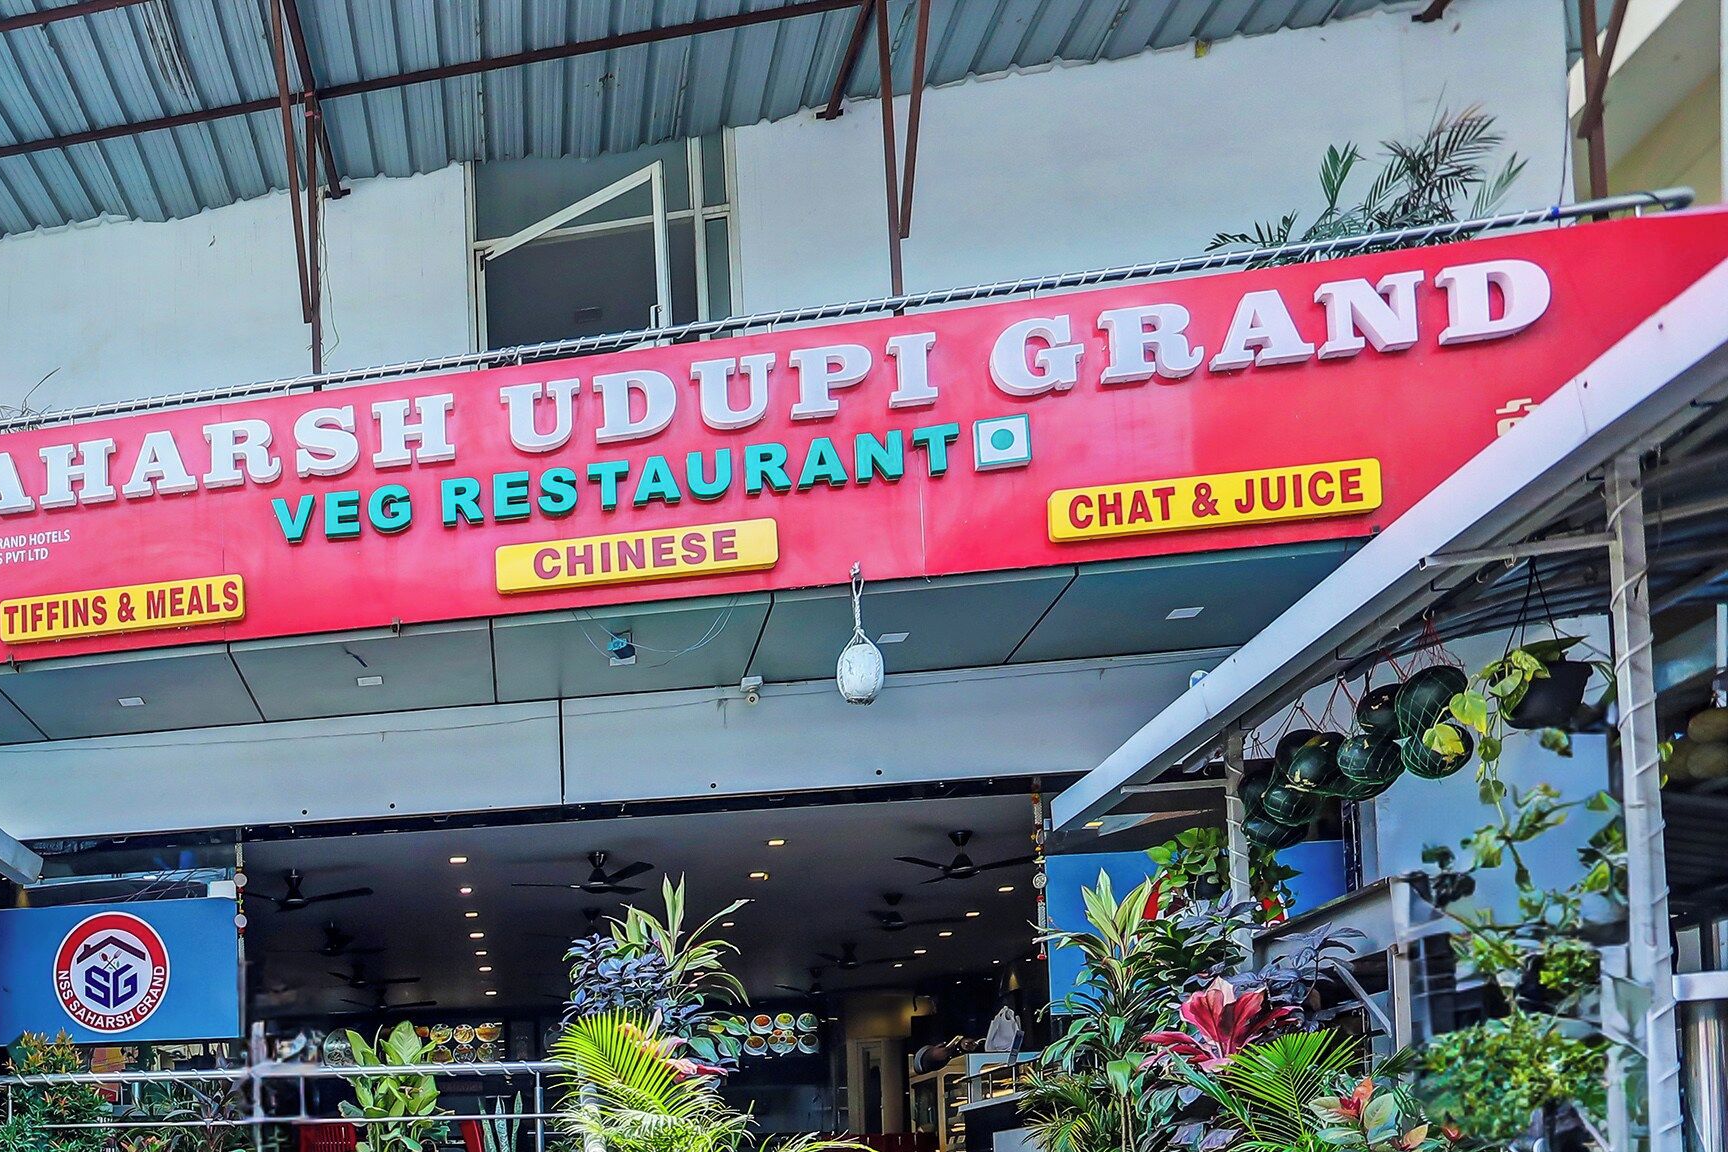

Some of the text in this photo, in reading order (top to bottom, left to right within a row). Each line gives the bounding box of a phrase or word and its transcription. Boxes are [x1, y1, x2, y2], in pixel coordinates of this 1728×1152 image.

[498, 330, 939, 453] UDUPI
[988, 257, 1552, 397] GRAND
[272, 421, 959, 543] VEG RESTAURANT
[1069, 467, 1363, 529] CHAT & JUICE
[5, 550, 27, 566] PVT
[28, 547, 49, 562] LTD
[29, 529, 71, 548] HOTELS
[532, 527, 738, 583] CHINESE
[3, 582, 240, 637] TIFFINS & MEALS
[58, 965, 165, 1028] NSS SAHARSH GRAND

= Your goal =
Write out all of the records above. Keep them exact and leave out the pictures.

= Answer for this exercise =
Some of the text in this photo, in reading order (top to bottom, left to right within a row). Each line gives the bounding box of a phrase or word and its transcription. Boxes are [x1, y1, x2, y2], in pixel coordinates of this 1728×1152 image.

[498, 330, 939, 453] UDUPI
[988, 257, 1552, 397] GRAND
[272, 421, 959, 543] VEG RESTAURANT
[1069, 467, 1363, 529] CHAT & JUICE
[5, 550, 27, 566] PVT
[28, 547, 49, 562] LTD
[29, 529, 71, 548] HOTELS
[532, 527, 738, 583] CHINESE
[3, 582, 240, 637] TIFFINS & MEALS
[58, 965, 165, 1028] NSS SAHARSH GRAND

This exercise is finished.